***** Exercise materials *****
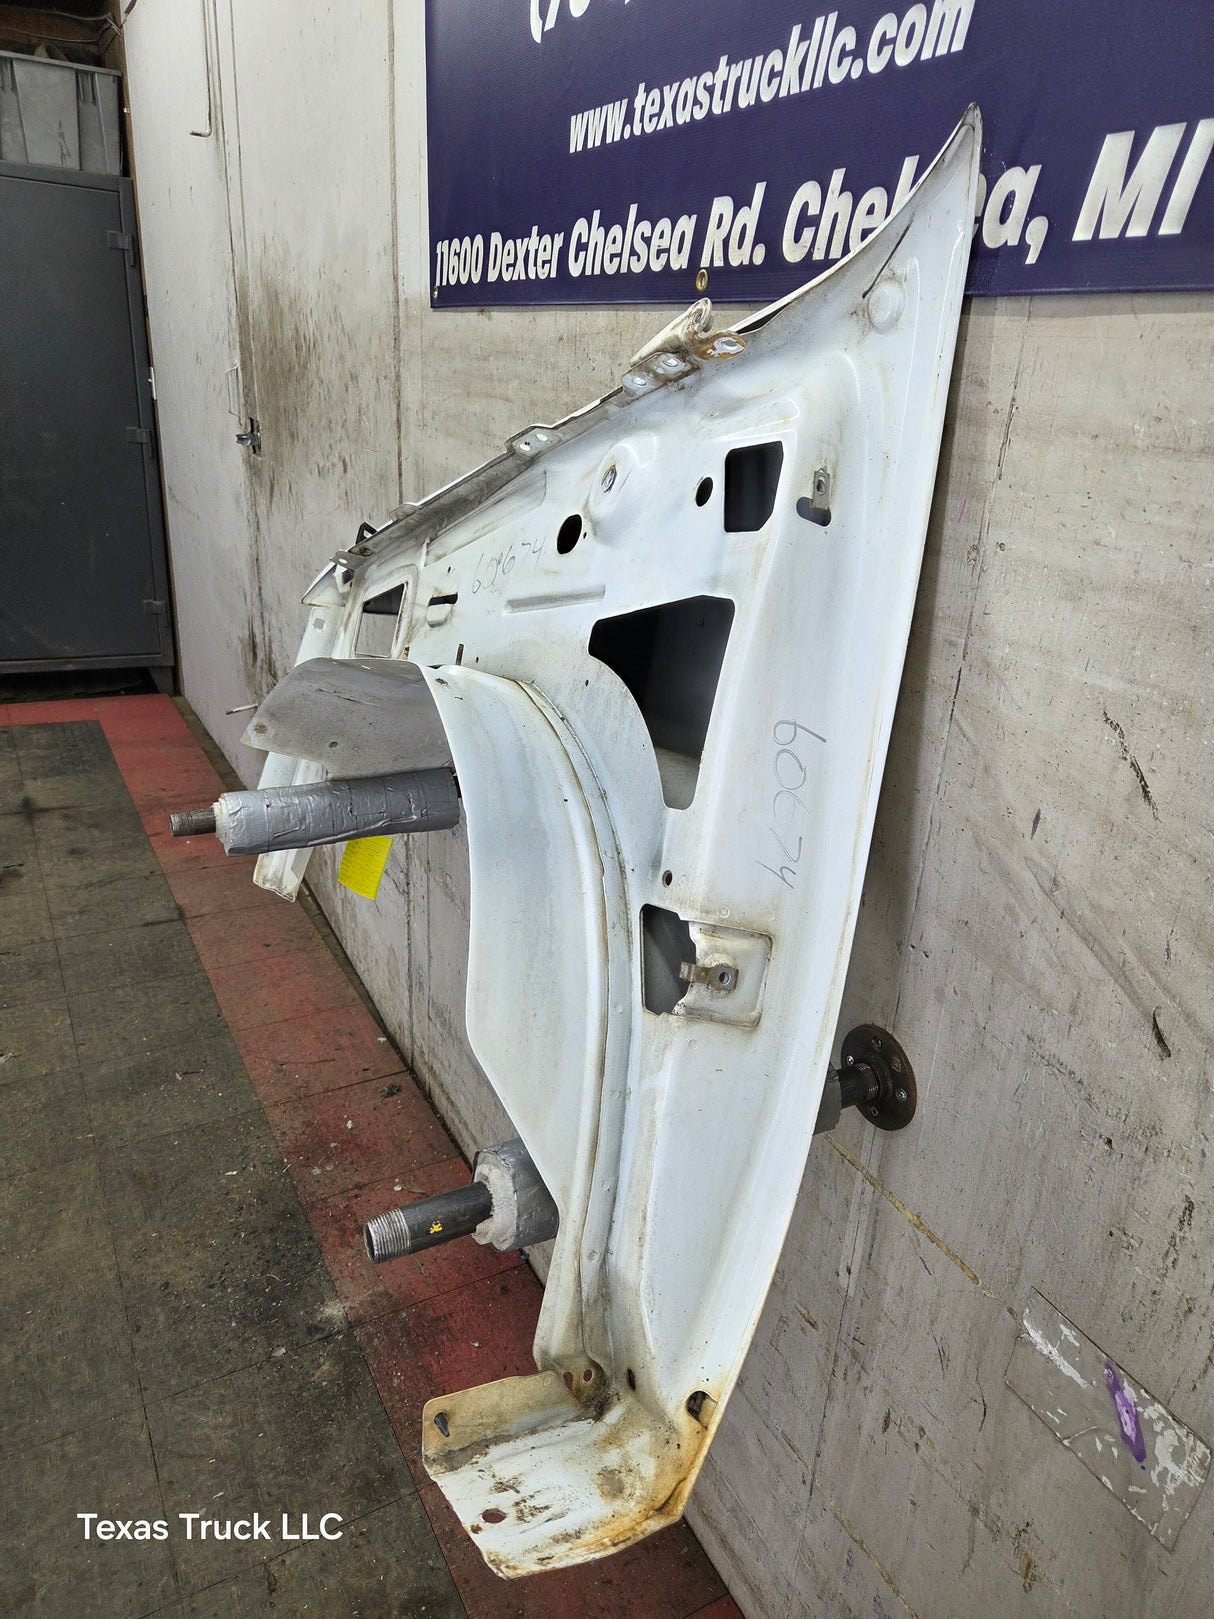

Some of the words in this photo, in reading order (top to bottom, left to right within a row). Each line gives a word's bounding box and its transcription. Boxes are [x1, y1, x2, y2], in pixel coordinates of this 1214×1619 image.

[569, 0, 976, 154] www.texastruckllc.com
[435, 233, 484, 287] 11600
[487, 225, 564, 283] Dexter
[568, 203, 698, 278] Chelsea
[701, 181, 767, 268] Rd.
[1071, 117, 1214, 242] MI
[754, 718, 828, 890] 60674
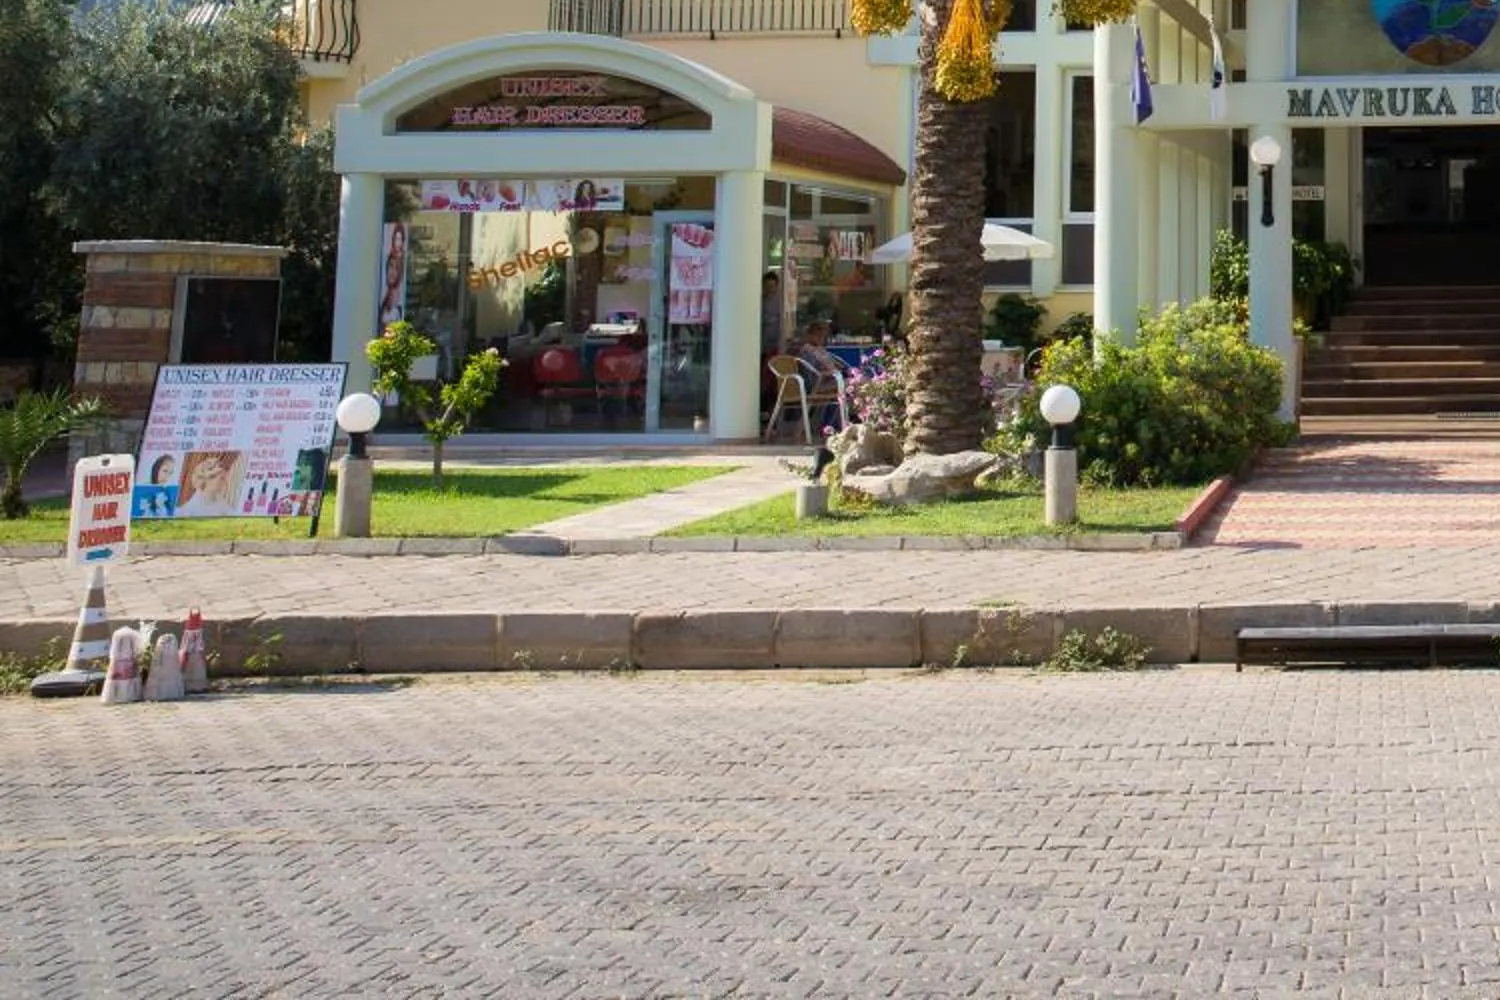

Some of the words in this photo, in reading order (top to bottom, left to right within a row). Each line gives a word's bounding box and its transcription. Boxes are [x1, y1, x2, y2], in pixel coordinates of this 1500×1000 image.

[501, 77, 607, 97] UNISEX
[1287, 87, 1456, 117] MAVRUKA
[451, 106, 517, 125] HAIR
[525, 105, 646, 125] DRESSER
[163, 367, 220, 384] UNISEX
[225, 367, 265, 383] HAIR
[269, 366, 342, 383] DRESSER
*****
* _Work to complete_
This calls for an exact copy of all the entries above, with the pictures omitted.

* _Exercise answer_
Some of the words in this photo, in reading order (top to bottom, left to right within a row). Each line gives a word's bounding box and its transcription. Boxes are [x1, y1, x2, y2], in pixel coordinates of this 1214×1619 image.

[569, 0, 976, 154] www.texastruckllc.com
[435, 233, 484, 287] 11600
[487, 225, 564, 283] Dexter
[568, 203, 698, 278] Chelsea
[701, 181, 767, 268] Rd.
[1071, 117, 1214, 242] MI
[754, 718, 828, 890] 60674

Some of the words in this photo, in reading order (top to bottom, left to right within a row). Each line gives a word's bounding box and its transcription. Boxes are [x1, y1, x2, y2], in pixel coordinates of this 1500×1000 image.

[501, 77, 607, 97] UNISEX
[1287, 87, 1456, 117] MAVRUKA
[451, 106, 517, 125] HAIR
[525, 105, 646, 125] DRESSER
[163, 367, 220, 384] UNISEX
[225, 367, 265, 383] HAIR
[269, 366, 342, 383] DRESSER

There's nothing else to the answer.